I think it’s a lot of things. I think a lot of it is her knowing that this is potentially a suicide mission for herself and this might be the only time she gets to say it out loud. These might be her final words. But I think she also knows that Sasha has been making an effort with her, so, in Rosita terms, I think she’s throwing her a bone.

What is Rosita thinking when Eugene refuses her and Sasha’s help to escape? Is she assuming he’s a traitor? Is she assuming he’s a coward? Or does she think that maybe he’s trying to protect her and Sasha to get them to go away and save themselves?
I think she just thinks he’s an idiot, which is something that she thinks quite often of him, but he can be an idiot. He’s also the smartest idiot in the world. We’ve seen what he’s capable of, his intelligence, his desire to stay alive and his drive to stay alive, and the fact that he’s not as useless as people thought in the very beginning. That thought went away very quickly when he started saving people’s lives. At this point, I don’t think she puts anything past him. I don’t know if she knows that this is all for survival. I don’t know if she knows that he’s gone forever, but it’s going to be interesting to see how she reacts when she finds out exactly which way this is going to go with him.

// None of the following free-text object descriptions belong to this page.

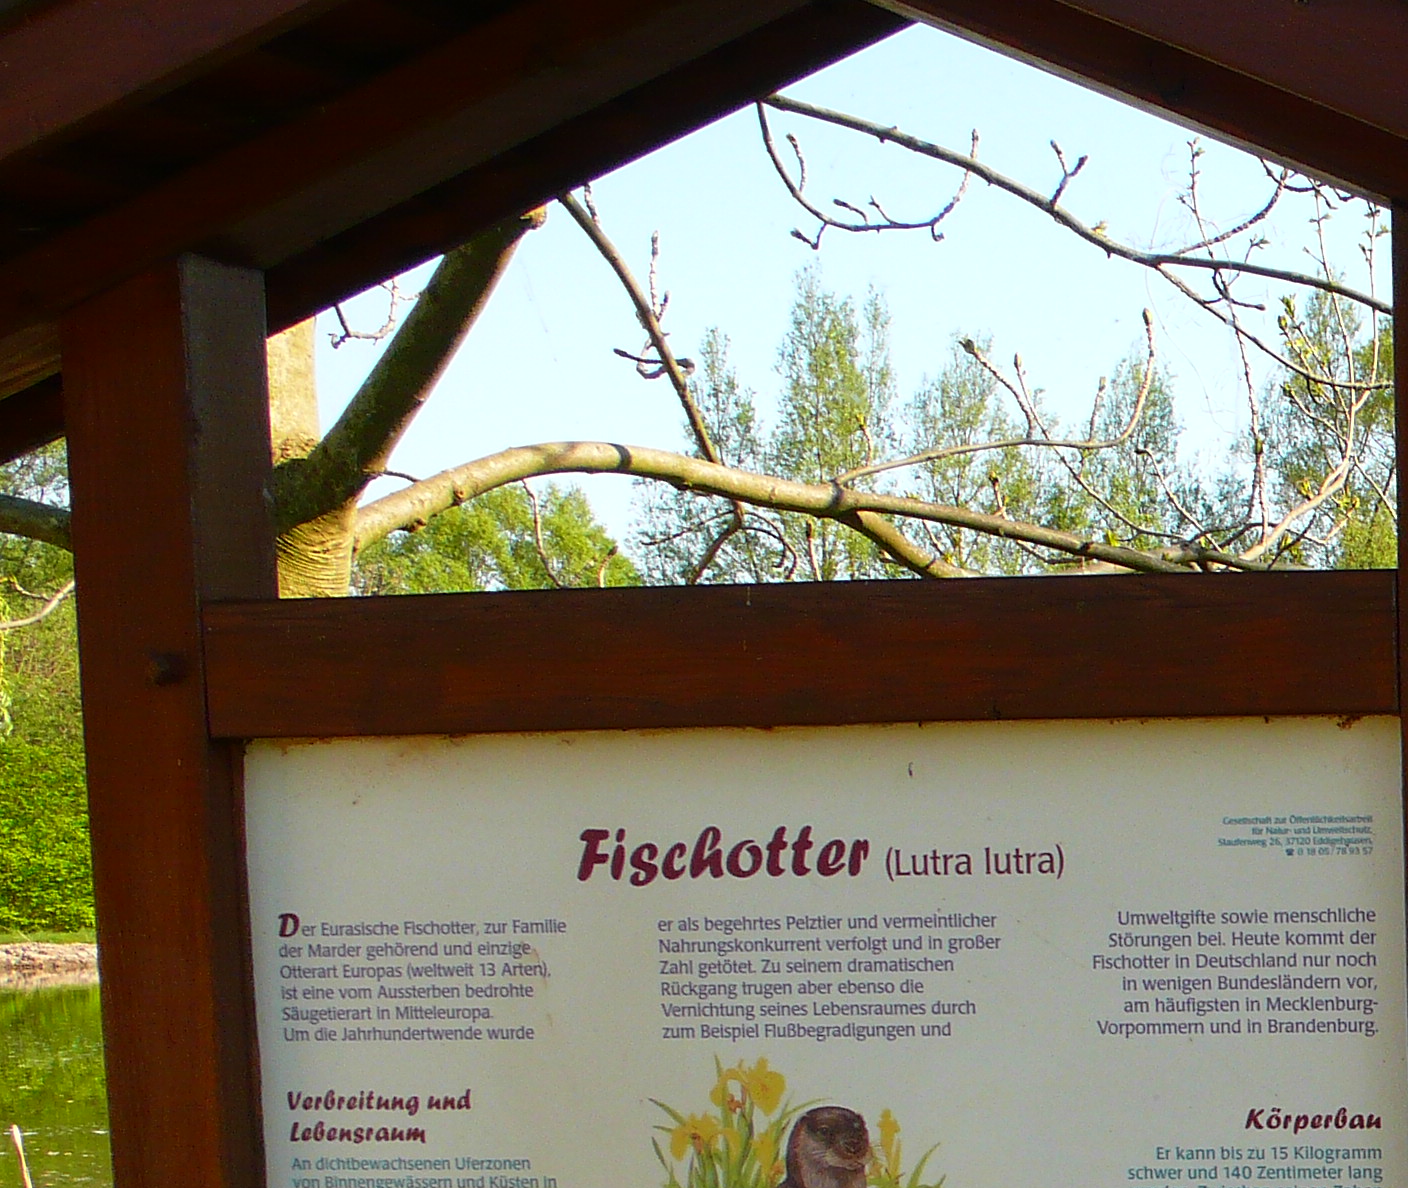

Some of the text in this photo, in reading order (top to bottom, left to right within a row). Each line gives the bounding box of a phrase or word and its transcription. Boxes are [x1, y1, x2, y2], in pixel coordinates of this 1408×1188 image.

[577, 824, 1064, 887] Fischotter (Lutra lutra)
[278, 911, 316, 937] Der
[322, 921, 399, 936] Eurasische
[484, 921, 507, 933] zur
[513, 918, 566, 933] Familie
[658, 913, 997, 935] er als begehrtes Pelztier und vermeintlicher
[1118, 907, 1376, 929] Umweltgifte sowie menschliche
[659, 933, 1001, 956] Nahrungskonkurrent verfolgt und in großer
[1109, 929, 1191, 950] Störungen
[1232, 930, 1280, 945] Heute
[1285, 930, 1344, 945] kommt
[1350, 929, 1376, 945] der
[279, 940, 531, 961] der Marder gehörend und einzige
[1093, 951, 1376, 969] Fischotter in Deutschland nur noch
[659, 953, 954, 978] Zahl getötet. Zu seinem dramatischen
[282, 983, 534, 1000] ist eine vom Aussterben bedrohte
[1123, 973, 1377, 995] in wenigen Bundesländern vor,
[283, 1006, 372, 1024] Säugetierart
[377, 1005, 390, 1019] in
[661, 997, 976, 1020] Vernichtung seines Lebensraumes durch
[284, 1025, 534, 1042] Um die Jahrhundertwende wurde
[662, 1021, 951, 1042] zum Beispiel Flußbegradigungen und
[1097, 1017, 1378, 1038] Vorpommern und in Brandenburg.
[288, 1088, 471, 1116] Verbreitung und
[1245, 1106, 1381, 1134] Körperbau
[290, 1120, 426, 1144] Lebensraum
[292, 1156, 531, 1171] An dichtbewachsenen Uferzonen
[1128, 1165, 1383, 1183] schwer und 140 Zentimeter lang
[293, 1178, 320, 1188] von
[457, 1175, 485, 1188] und
[544, 1175, 557, 1188] in

She and Sasha tell each other they have their backs when they’re about to go on this mission, and they both do, although I think Sasha meant that in a way that Rosita didn’t expect. Sasha is trying to save Rosita’s life. She’s telling her it’s not her time when she goes through that fence, which, as you just said, is likely a suicide mission. We see Rosita very angry — she’s crying. Is she sad that she thinks Sasha has gone on this suicide mission? Is she also angry that Sasha duped her and is leaving her out of the revenge plan?
I think it’s a little bit of anger. I think it’s frustration. I think she needed to see that through, and she’s being robbed of it. But I think bigger than that, it’s guilt. That’s what I think. And what’s great is that people can interpret it in any way they want … but I feel, as a fan and then as an individual, I think she’s feeling guilty because [Sasha] is essentially saving her life, and she’s wasted a lot of time [being angry]. That’s what I think she’s thinking.

Being angry at Sasha?
Maybe, yeah.

At the end, she sees someone with a bow standing nearby. That changes her immediate reaction.
Yeah, but I don’t know if we know exactly what she’s seeing, and I think that’s on purpose. I think there’s a little hesitation, because it could be somebody that she’s very familiar with. But why don’t we know for sure? I don’t think she can see who it is. I think the audience maybe knows who it is… I think us watching it, we see something that she doesn’t.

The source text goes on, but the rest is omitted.